AI and the future of the soundtrack: A panel with production:net and Hybrid Music Lab

AI and the future of the soundtrack: A panel with production:net and Hybrid Music Lab

 

AI and the future of the soundtrack

A panel with production:net and Hybrid Music Lab

From Mozart to Brian Eno, numbers and algorithms have inspired composers throughout history, as composers experimented with music that sounded as if they’d been created by machines. Today, the tables seem to be turning, as artificial intelligence allows machines to compose music that sounds convincingly human.

In the form of the soundtrack, AI-composed music is already creeping into the background of games, film and media. Will composers be outpaced by their artificial counterparts? Or does their human creativity make them irreplaceable? Will high-calibre composition become a site of human-machine creative partnership?

On Friday July 15th at Soho House, production:net and Hybrid Music Lab brought Berlin’s arts and technology community together to explore these questions with four expert panelists: Annette Gentz, CEO of Music & Film Arts management agency; Thomas Langhanki, game design professor and CEO of interactive storytelling studio Experimental Game; Valerio Velardo, CEO of AI composition tool Melodrive, and Fabian Mrongowius, producer at UFA LAB. Moderated by Creatives’ Catalysts founder AC Coppens, the discussion that emerged was challenging and, at times, heated — even as AI advances rapidly, the definition of creativity as uniquely human isn’t one we’re willing to give up so easily.

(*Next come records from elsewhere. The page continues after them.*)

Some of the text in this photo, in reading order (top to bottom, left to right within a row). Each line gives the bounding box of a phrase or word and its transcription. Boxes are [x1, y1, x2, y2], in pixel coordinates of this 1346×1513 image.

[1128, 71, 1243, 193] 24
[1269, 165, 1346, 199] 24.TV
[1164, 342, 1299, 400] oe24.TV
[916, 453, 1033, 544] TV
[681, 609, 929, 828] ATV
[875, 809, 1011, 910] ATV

Definitions themselves are critical for this discussion, as the panel revealed from the outset. What do we mean when we talk about AI-created music? Composers in the audience were quick to point out that creating music has many stages, composition being just one of them. Bracketing out the role of new technologies and AI from music synthesis to performance (thought-provoking discussions in their own right), the panel zeroed in on the specific role of AI in music composition.

Much like debates around AI in other sectors, the first question raised is that of intelligent, automated technologies rendering humans obsolete. Looking at Valerio Velardo’s Melodrive, this doesn’t seem too far-fetched. Melodrive allows users to create intelligent and engaging soundtracks, even if they know next to nothing about composing music. What’s more is that Melodrive’s soundtracks respond intelligently to onscreen action, allowing audiences to become more deeply immersed. Having learnt from countless examples of different musical styles and their characteristics, Melodrive’s AI composes with sophistication. On one hand, Melodrive could be welcomed as democratization of sorts: with AI at their fingertips, anybody can build a moving and adaptive soundtrack, no matter their knowledge of music composition or sound design. 

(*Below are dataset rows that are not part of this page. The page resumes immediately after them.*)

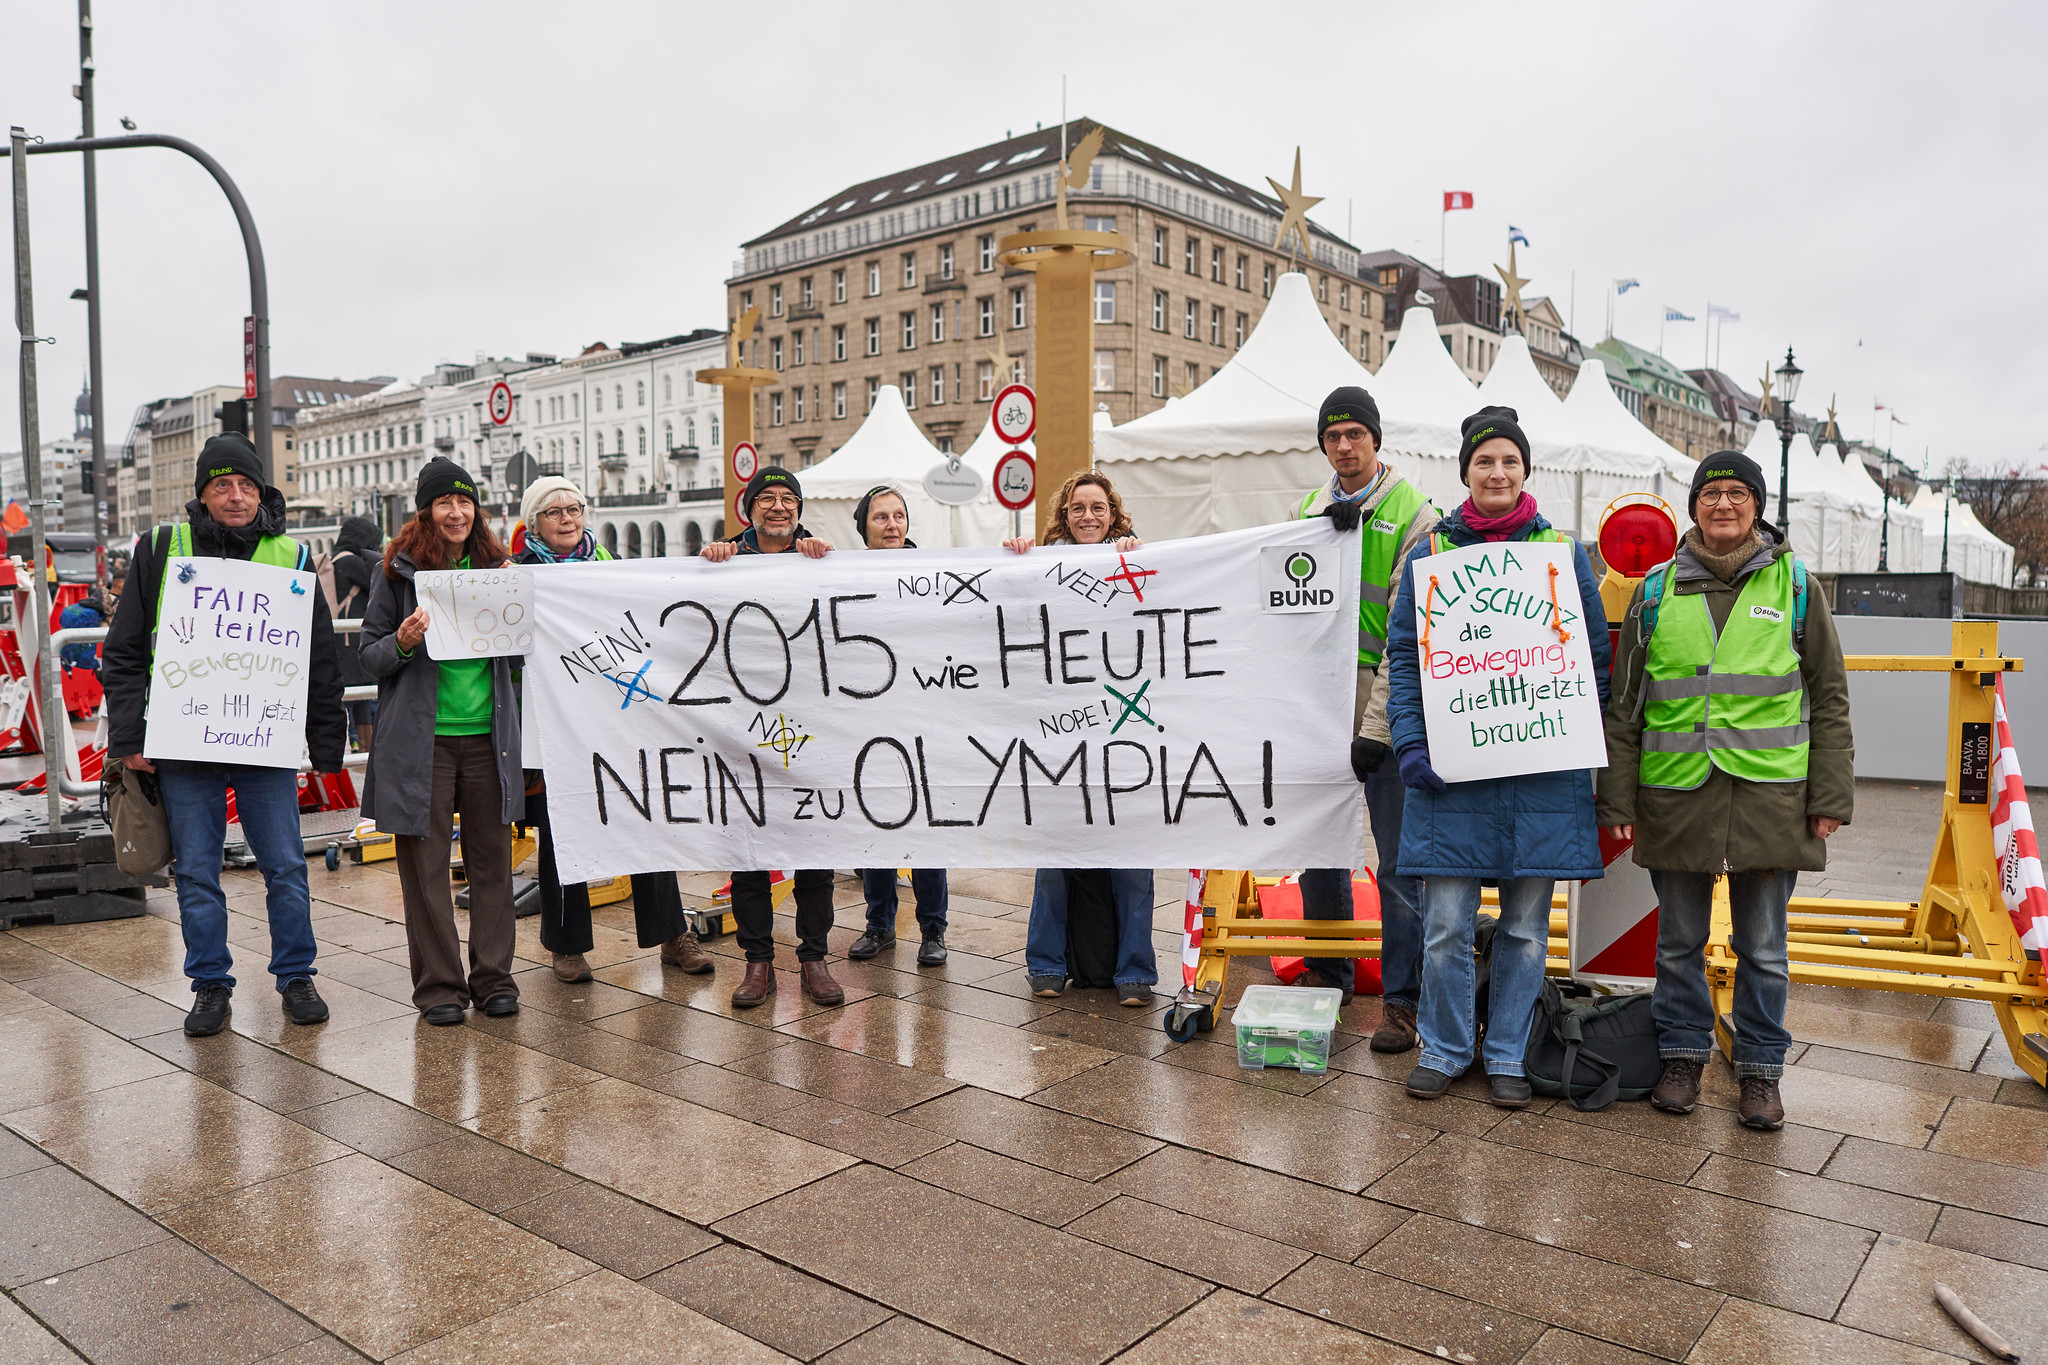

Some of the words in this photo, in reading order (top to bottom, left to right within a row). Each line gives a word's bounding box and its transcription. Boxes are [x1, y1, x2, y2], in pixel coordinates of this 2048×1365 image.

[215, 466, 232, 475] BUND
[421, 573, 465, 589] 2015
[481, 572, 520, 586] 2025
[897, 572, 941, 599] NO!
[1045, 562, 1118, 608] NEE!
[1417, 548, 1523, 628] KLIMA
[193, 586, 271, 616] FAIR
[1269, 590, 1334, 607] BUND
[1761, 609, 1780, 619] BUND
[215, 614, 300, 648] teilen
[1459, 623, 1492, 642] die
[659, 594, 897, 706] 2015
[912, 656, 979, 690] wie
[996, 603, 1226, 689] HEUTE
[1430, 643, 1576, 680] Bewegung,
[181, 697, 209, 716] die
[222, 693, 250, 718] HH
[257, 699, 297, 723] jetzt
[1449, 689, 1488, 713] die
[1528, 673, 1587, 711] jetzt
[1039, 700, 1112, 738] NOPE!
[1470, 709, 1567, 748] braucht
[203, 725, 273, 748] braucht
[1976, 735, 1989, 762] 1800
[1962, 739, 1973, 775] BAAVA
[1976, 765, 1987, 780] PL
[793, 788, 844, 821] zu

On the other hand, the fact that an AI like Melodrive’s can do all the heavy-lifting threatens to put composers out of business. The existential ramifications of this were pointed out by artist manager Annette Gentz. Human-created compositions cost considerably more than those of a machine, making AI composers an attractive option for budget-minded film and game producers. And yet, many in the film, music and art worlds remain skeptical about whether AI-composed music can ever match the artistic quality and creativity of works composed by humans. Listeners too, it seemed, might be more likely to reject music as inauthentic if they knew it had been generated by a computer.

What would AI-composed music mean for the future of art on the whole? Members of the audience explored this question critically. The results of machine learning depend on what information we provide it with. If this input is more likely to be aligned to what people already know and love, we would run the risk of reproducing and cementing the status quo, leaving little room for unexpected and challenging artistic innovation. It seemed unlikely that AI composition could support creativity in the arts. Or could it?

Turning away from the notion of AI-as-replacement, the discussion considered how AI-composers might become tools or partners for human artists. After all, an AI benefits from the history of human musical creativity, not to mention the interdisciplinary collaborations between technologists and composers. Perhaps composers could benefit from having AI composition software in their creative arsenal. As composer and audience member Mona Mur ventured, AI could prove to be an exciting tool, with intelligent software offering new ways to unfold and build on human-composed motifs. In this way, AI might open a new chapter in the man-machine relationships shaping musical creativity, one part of a broader shift towards posthuman futures.